所以,我原文里的话是有漏洞的。正确的说法是,索引不能加密,所以只能留在密室内,而不能上传到云计算公用平台。
3. 数据库的加密
数据库最多只能对字段逐个加密,譬如“greatness”变成“@#¥%”。但是不能整句整段地加密,否则B-tree就建不起来了。
4. 密室
密室的Root权限必须掌握在客户手里。Googler能知道的,是机器的heartbeat,用来监控机器运转的情况。需要时,和客户方的IT人员交流,指挥他们恢复密室机器的正常运转。
本帖一共被 1 帖 引用 (帖内工具实现)
在“几点澄清”的回帖中,回答了几个问题。剩下的问题,
1. 不解密就无法构建索引。

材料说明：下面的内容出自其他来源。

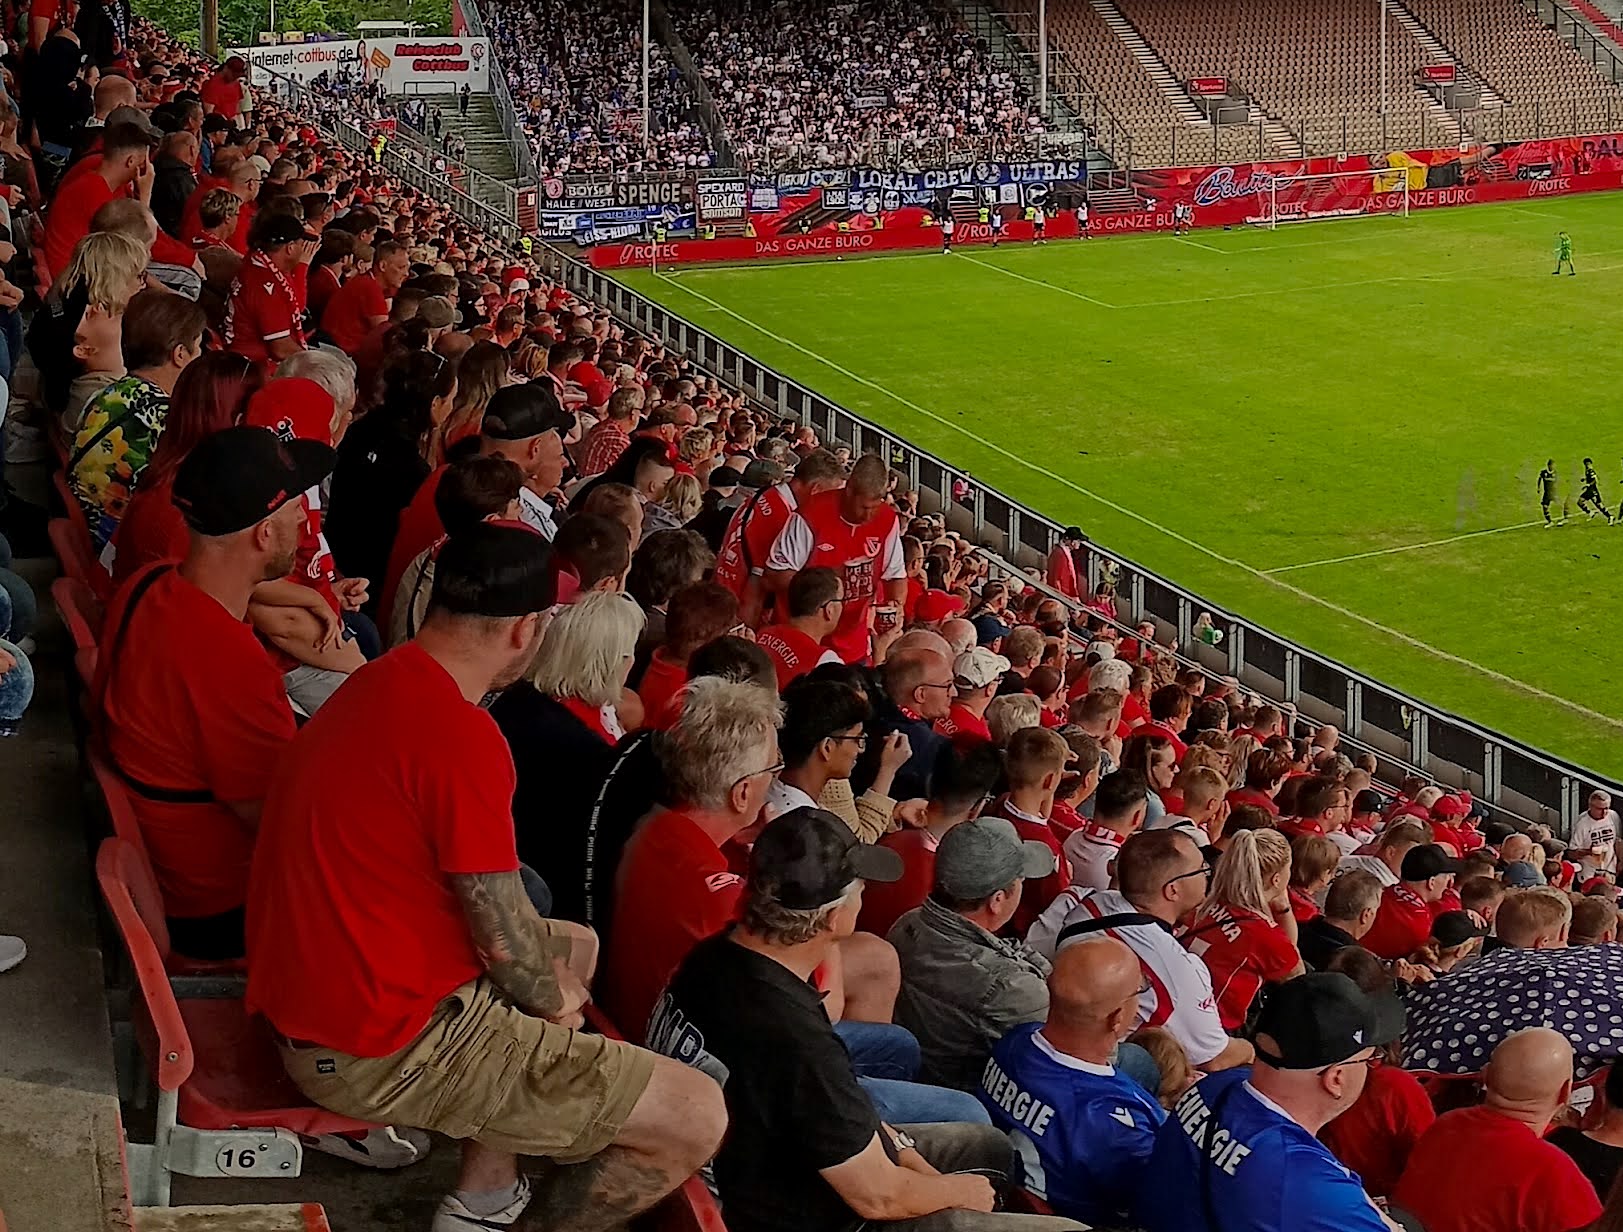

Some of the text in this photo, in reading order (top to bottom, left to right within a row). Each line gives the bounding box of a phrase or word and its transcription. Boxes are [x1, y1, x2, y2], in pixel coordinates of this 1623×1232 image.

[394, 43, 463, 57] Reiseclub
[412, 58, 470, 72] Cottbus
[859, 170, 919, 191] LOKAL
[923, 168, 972, 189] CREW
[1009, 161, 1080, 182] ULTRAS
[1539, 177, 1571, 191] ROTEC
[618, 183, 681, 205] SPENGE
[697, 182, 745, 194] SPEXARD
[545, 199, 576, 209] HALLE
[1356, 196, 1383, 211] DAS
[1385, 191, 1434, 208] GANZE
[1104, 214, 1152, 230] GANZE
[634, 243, 680, 260] ROTEC
[755, 240, 780, 253] DAS
[785, 237, 832, 251] GANZE
[758, 633, 800, 669] ENERGIE
[981, 1055, 1056, 1138] ENERGIE
[221, 1148, 257, 1170] 16

这是正确的。
2. 各个企业有各自的索引,Google不应该合并这些索引。
可以说服一部分不太担心自己数据安全的公司,但是对于其它公司,没有技术保障,说服力是不够强有力的。
3. Obfuscation
完全同意。程序加密的问题,只能是个半解。
4. VMWare
不需要从头构建OS,可以利用VMWare的办法,让kernel可以边运行,边从一台机器转移到另一台机器。
这个办法很漂亮,但是实现起来将非常麻烦,而且容易出错。
加密数据进,加密数据出。AI内部独立模拟OS. google要破binary就很难。
这是最现实的做法。
大家的讨论很好,尤其是Hansens兄指出我原文中的关于索引是否能加密的硬伤。
稍后我去修改原文。
我原文的结论是,
现在又犹豫了,似乎更合理的表述是,
总之,云计算平台加密的难题,现在没有完美的解决方案。或许目前云计算平台能做的,是代管那些不太机密的内容和程序。
变成一个先进一些的IDC,仅此而已。好像和现在的服务器托管的差距不大啊。
真正的云,应该是把应用程序也托管了。用户只需要“用”,或者说处理数据就可以,如果还需要管理虚拟机上的N个应用程序那和现在的虚拟主机啥的没有拉开差距。